Veröffentlicht am:26.05.2023

4 Minuten Lesedauer

Eine AOK-Umfrage zeigt: Männer sind Vorsorgemuffel. Nur knapp die Hälfte nimmt Untersuchungen zur Krebsfrüherkennung regelmäßig in Anspruch – bei den Frauen sind es immerhin gut zwei Drittel. Warum das so ist, weiß der Experte.

Ehefrau überredet ihren Mann, zur Krebsvorsorge zu gehen.

© iStock / urbazon

Porträt von Thorsten Padberg

© Caroline Pitzke

Thorsten Padberg ist Buchautor, Psycho­therapeut und Dozent für Verhaltenstherapie, beschäftigt sich unter anderem mit Geschlechterrollen. Seine Erfahrung: Viele Männer seien es nicht gewohnt, über ihre Befindlichkeit zu reden – und schon gar nicht über Krankheiten, die ihre Männlichkeit infrage stellen. Wollen Männer lieber gar nicht wissen, wie es Ihnen wirklich geht? Oder hängt ihr Vorsorgeverhalten mit dem Bild von Männlichkeit in unserer Gesellschaft zusammen?

Laut AOK-Umfrage gehen Männer deutlich seltener zur Krebsvorsorge

Männer nehmen Vorsorgeuntersuchungen also weniger ernst?

Das ist tatsächlich ein Problem: Gesundheitsfürsorge für die ganze Familie wurde traditionell immer als Aufgabe von Frauen verstanden. Inzwischen sind Frauen deutlich gleichberechtigter und haben eigenständige Berufsbiographien – doch einige Rollenklischees halten sich. Zudem werden Frauen durch geschlechterspezifische Routineuntersuchungen viel früher an das Thema Gesundheitsvorsorge herangeführt. So entsteht eine Vorsorge-Routine. Schon in jungen Jahren wird sich mit dem eigenen Körper beschäftigt – da liegt es nah, später entsprechende Vorsorge- und Früherkennungsangebote anzunehmen. Für Männer ist dies alles in allem ein deutlich größerer Schritt.

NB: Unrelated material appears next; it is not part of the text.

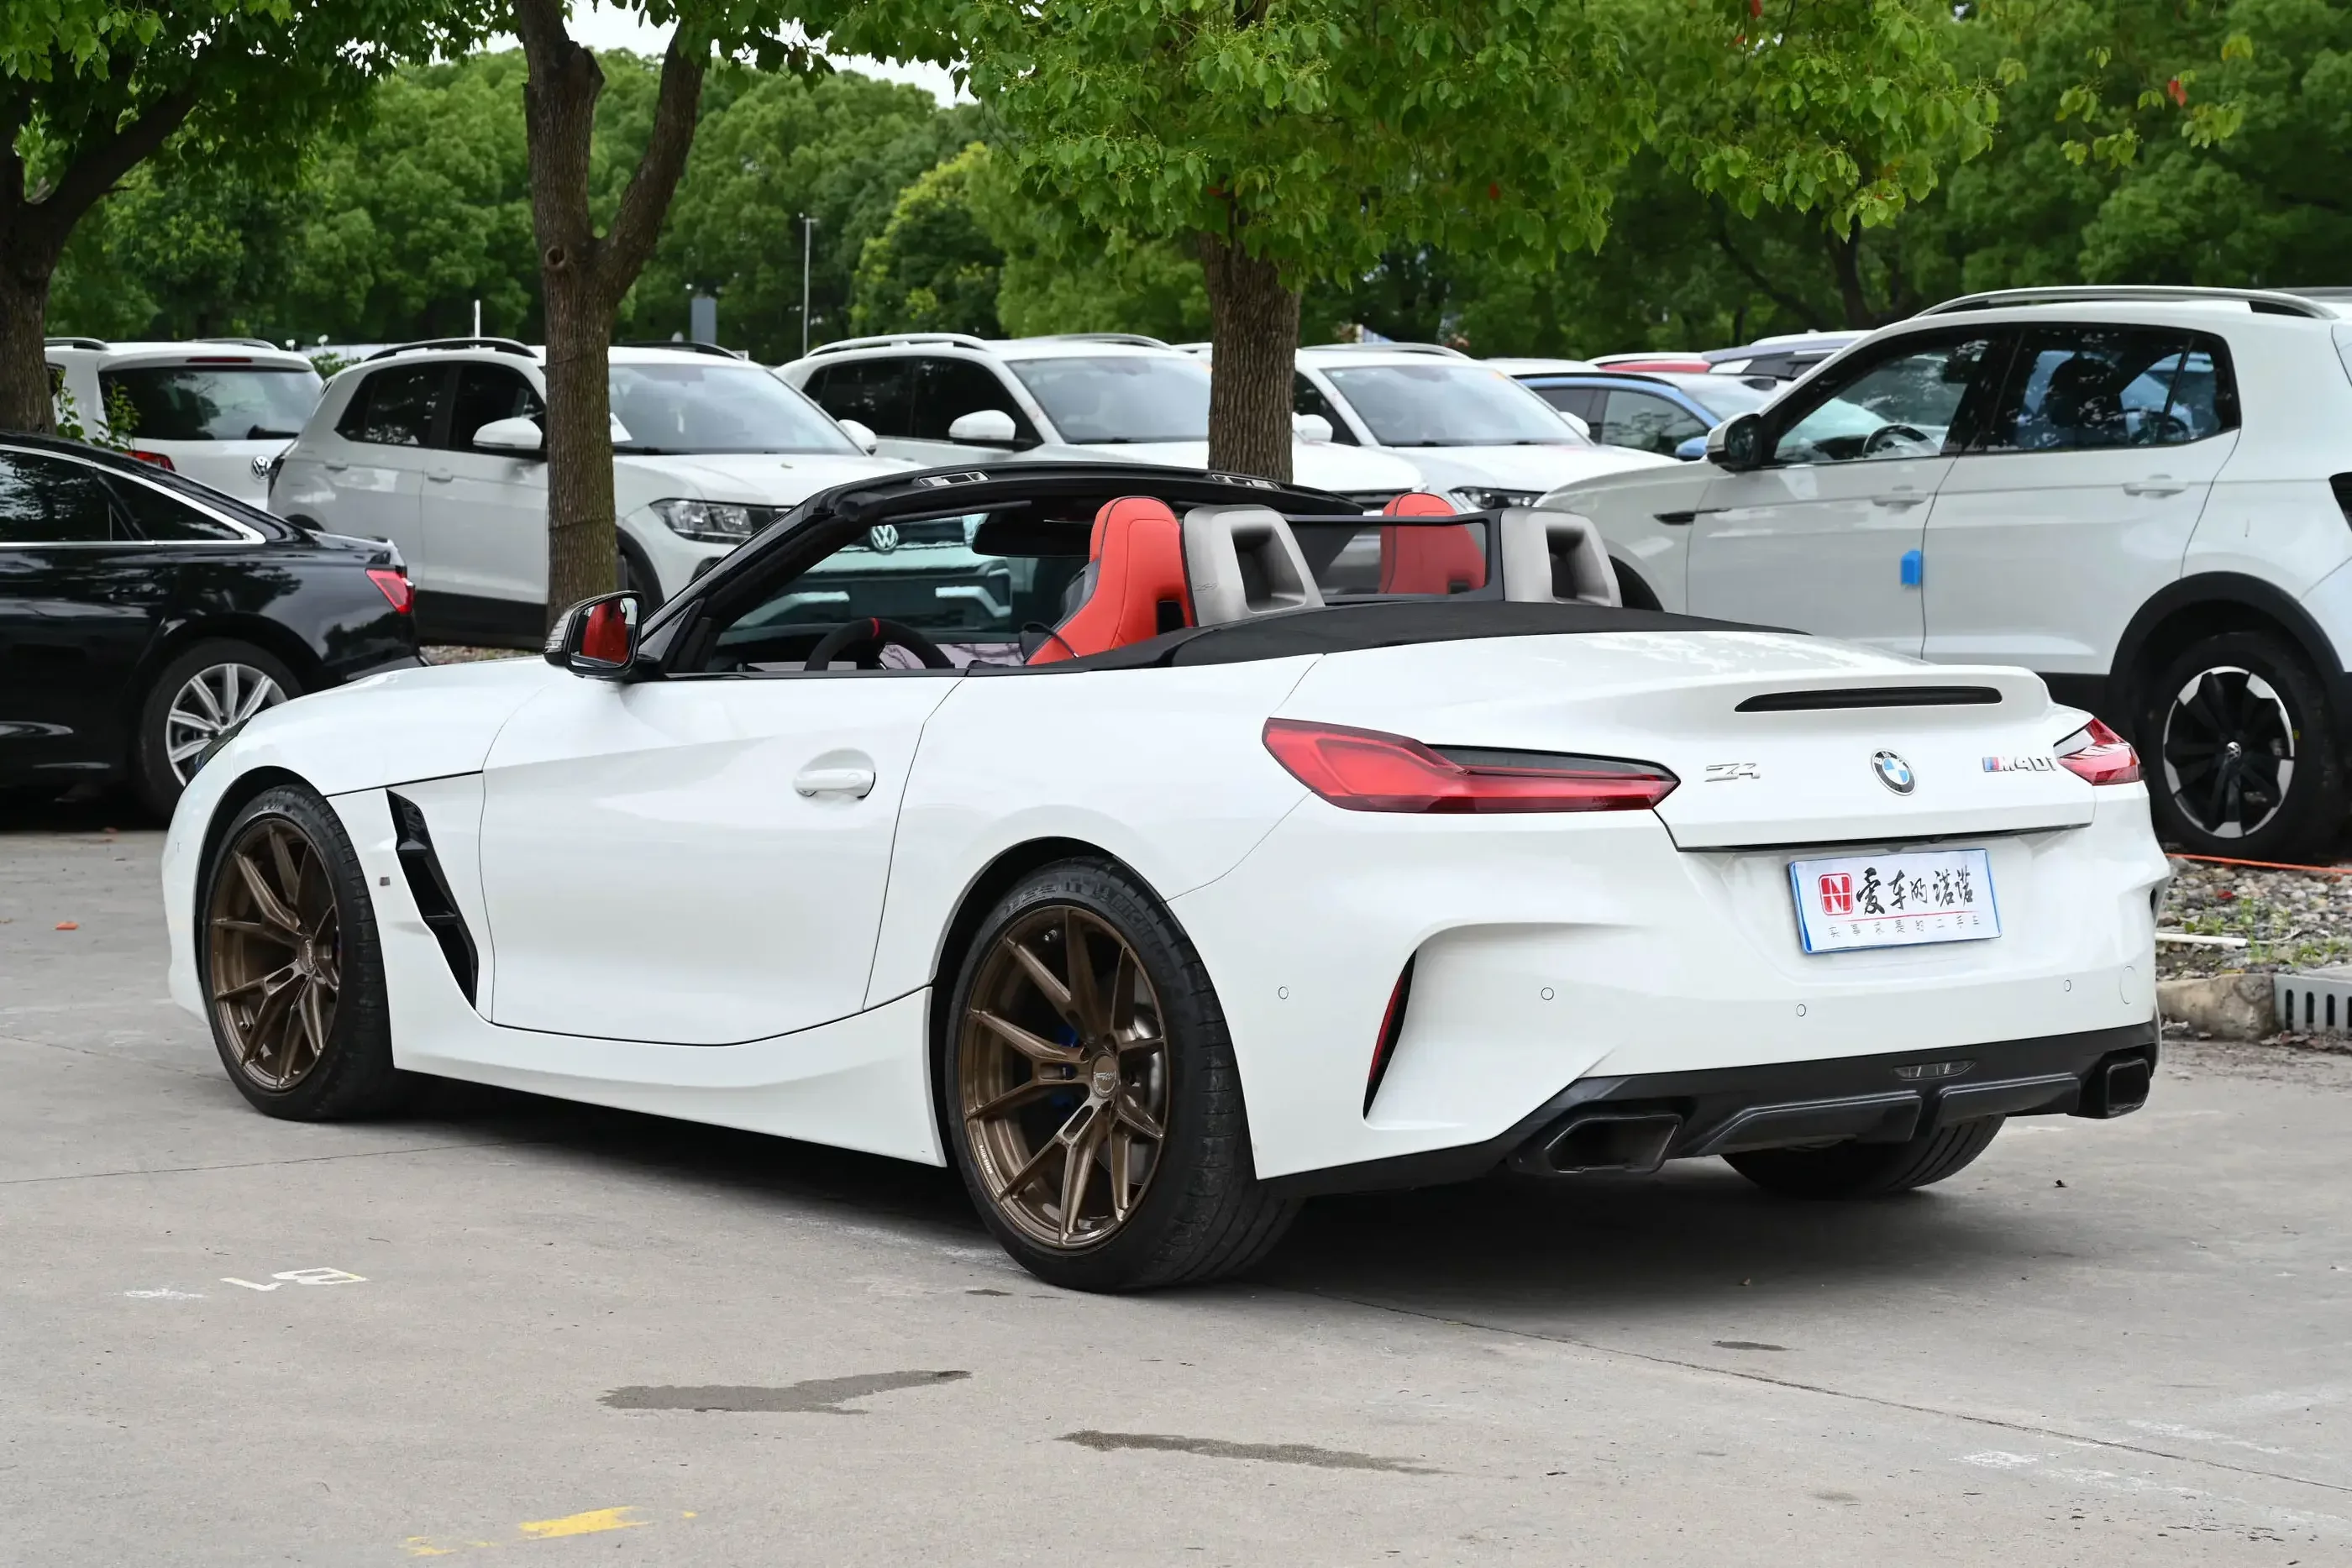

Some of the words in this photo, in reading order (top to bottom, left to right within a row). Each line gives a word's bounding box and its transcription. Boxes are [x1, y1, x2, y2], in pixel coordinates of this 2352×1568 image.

Nehmen Sie selbst Ähnliches wahr – gehen Männer seltener zur Psychotherapie?

In meiner Praxis sehe ich natürlich vor allem Männer, die sich für eine Psychotherapie entschieden haben. Aber es gibt Fachliteratur, die besagt, dass es Männer in der Therapie schwerer haben, da sie zum Beispiel nicht gut auf ihre Gefühle achten. Das ist meiner Meinung nach ein Klischee: Man sollte als Therapeut flexibel sein und genau darauf achten, welches Angebot für welchen Menschen sinnvoll ist. Hierbei werden Geschlechterrollen immer weniger wichtig – beispielsweise steigt die Sensibilität für psychologische Themen bei jüngeren Männern mittlerweile spürbar.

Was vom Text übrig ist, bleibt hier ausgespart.